• **Prompt**
Below is a set of records, and all of them should be retyped exactly, minus the pictures.

--- Source data ---

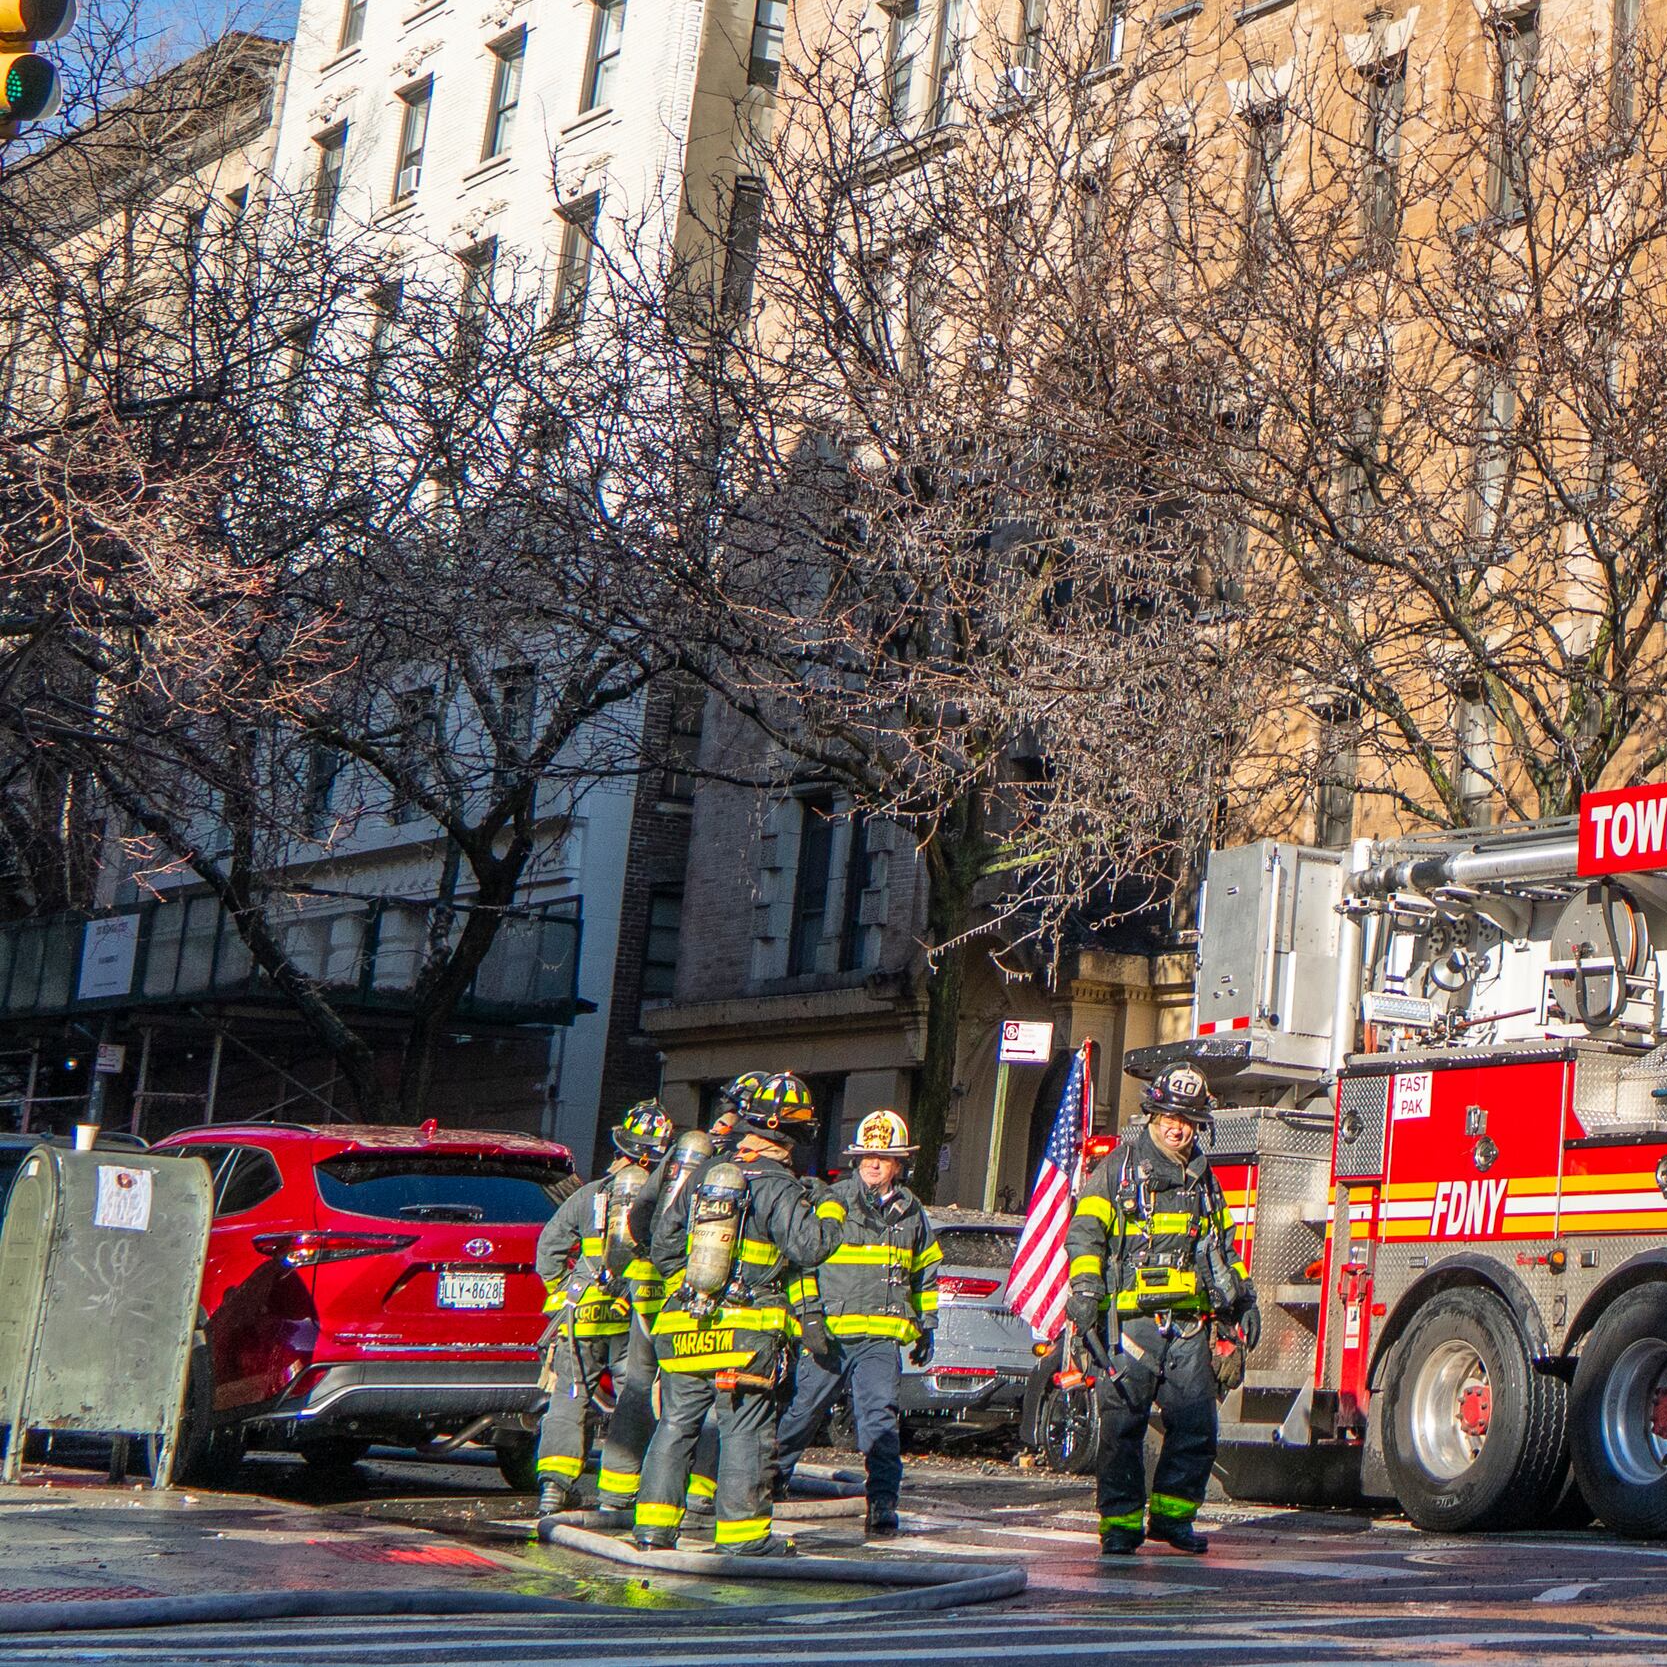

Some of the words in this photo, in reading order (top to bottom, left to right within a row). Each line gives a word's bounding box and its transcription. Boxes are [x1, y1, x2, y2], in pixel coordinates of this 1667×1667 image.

[1172, 1078, 1197, 1095] 40
[1399, 1075, 1428, 1092] FAST
[1401, 1099, 1423, 1115] PAK
[1430, 1178, 1508, 1236] FDNY
[672, 1329, 734, 1356] HARASYM
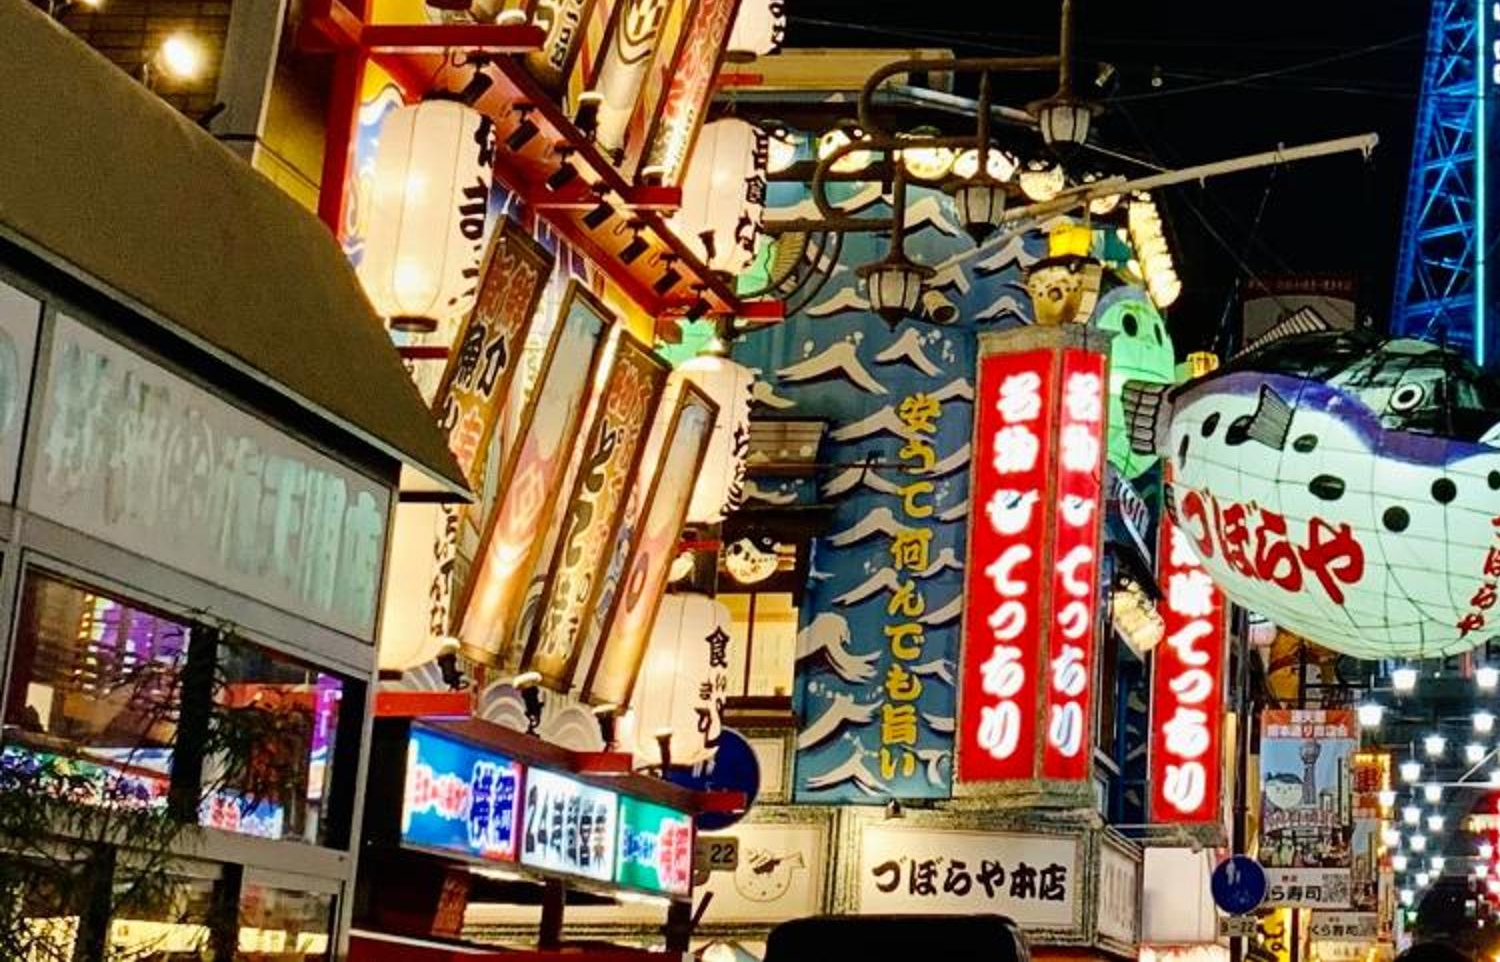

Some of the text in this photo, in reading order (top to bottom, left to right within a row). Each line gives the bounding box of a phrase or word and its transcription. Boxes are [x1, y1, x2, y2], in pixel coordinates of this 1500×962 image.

[880, 393, 942, 781] 安うて何んでも旨い
[977, 542, 1034, 762] てっちり
[1048, 547, 1095, 759] てっちり
[872, 856, 1068, 902] づぼらや本店
[1264, 885, 1321, 901] ら寿司
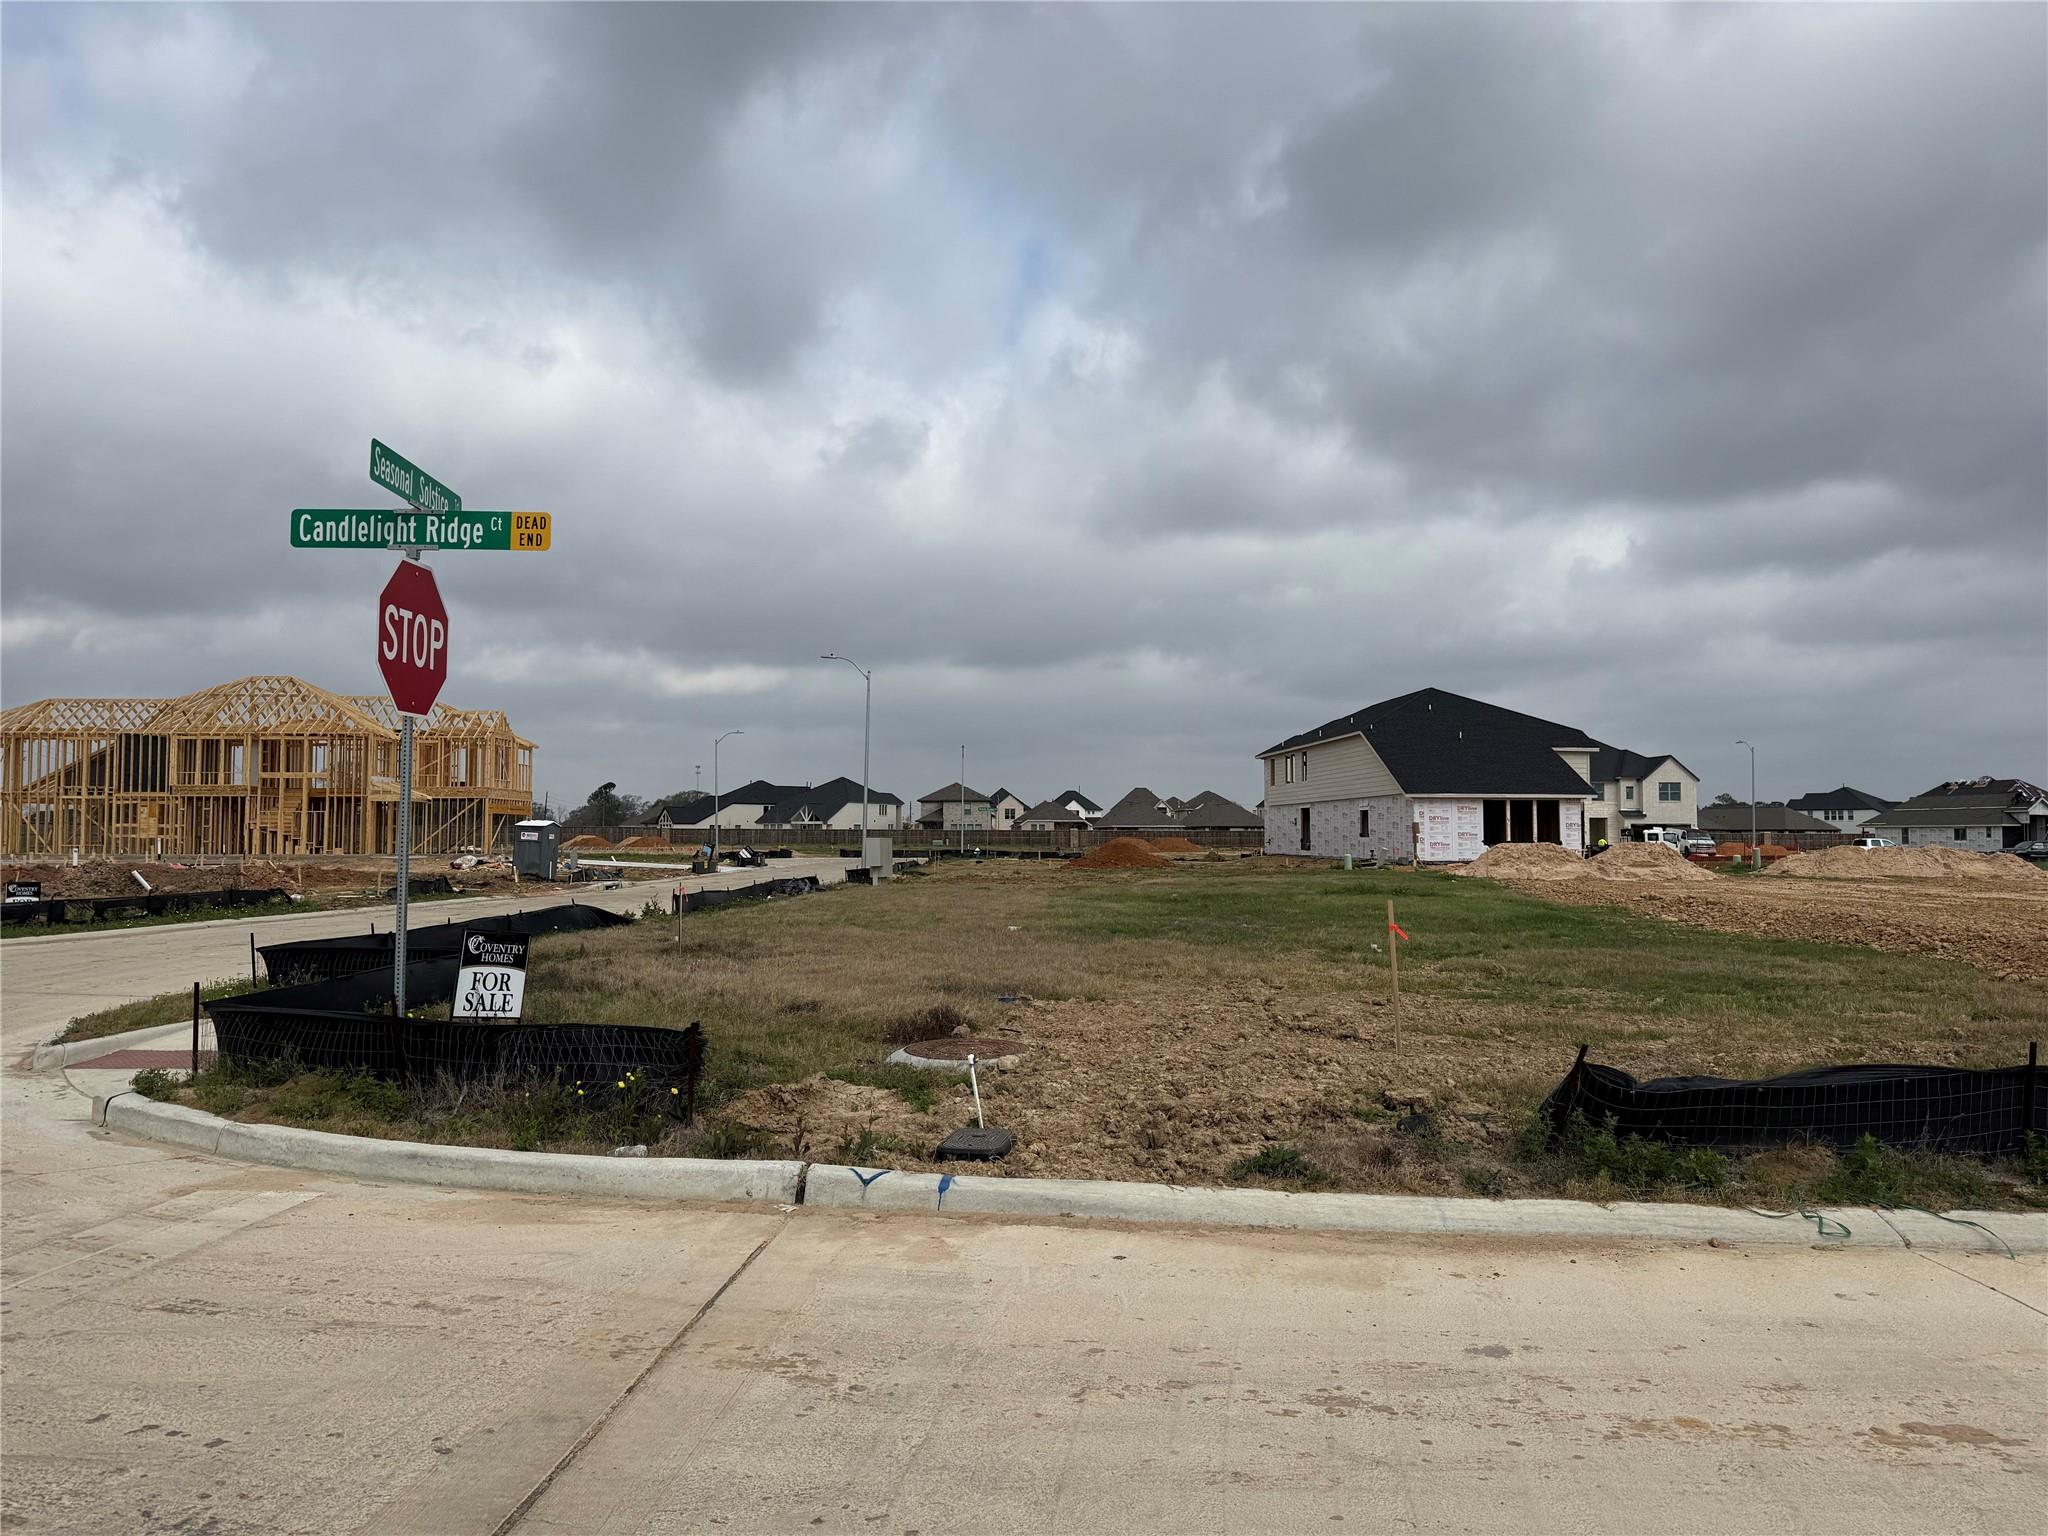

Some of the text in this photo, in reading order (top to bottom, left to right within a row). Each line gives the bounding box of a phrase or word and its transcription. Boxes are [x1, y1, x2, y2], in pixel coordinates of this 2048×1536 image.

---

• **Written response**
Some of the words in this photo, in reading order (top to bottom, left to right within a row). Each line gives a word's bounding box and its transcription. Boxes are [x1, y1, x2, y2], in pixel coordinates of this 1667×1667 image.

[1172, 1078, 1197, 1095] 40
[1399, 1075, 1428, 1092] FAST
[1401, 1099, 1423, 1115] PAK
[1430, 1178, 1508, 1236] FDNY
[672, 1329, 734, 1356] HARASYM

Some of the text in this photo, in reading order (top to bottom, left to right within a row). Each line gives the bounding box of a phrase or word and its transcription. Boxes are [x1, y1, x2, y2], in pixel coordinates of this 1500×962 image.

[880, 393, 942, 781] 安うて何んでも旨い
[977, 542, 1034, 762] てっちり
[1048, 547, 1095, 759] てっちり
[872, 856, 1068, 902] づぼらや本店
[1264, 885, 1321, 901] ら寿司

Some of the text in this photo, in reading order (top to bottom, left to right within a row). Each line gives the bounding box of a phrase or word and its transcription. Boxes are [x1, y1, x2, y2], in pixel coordinates of this 2048×1536 image.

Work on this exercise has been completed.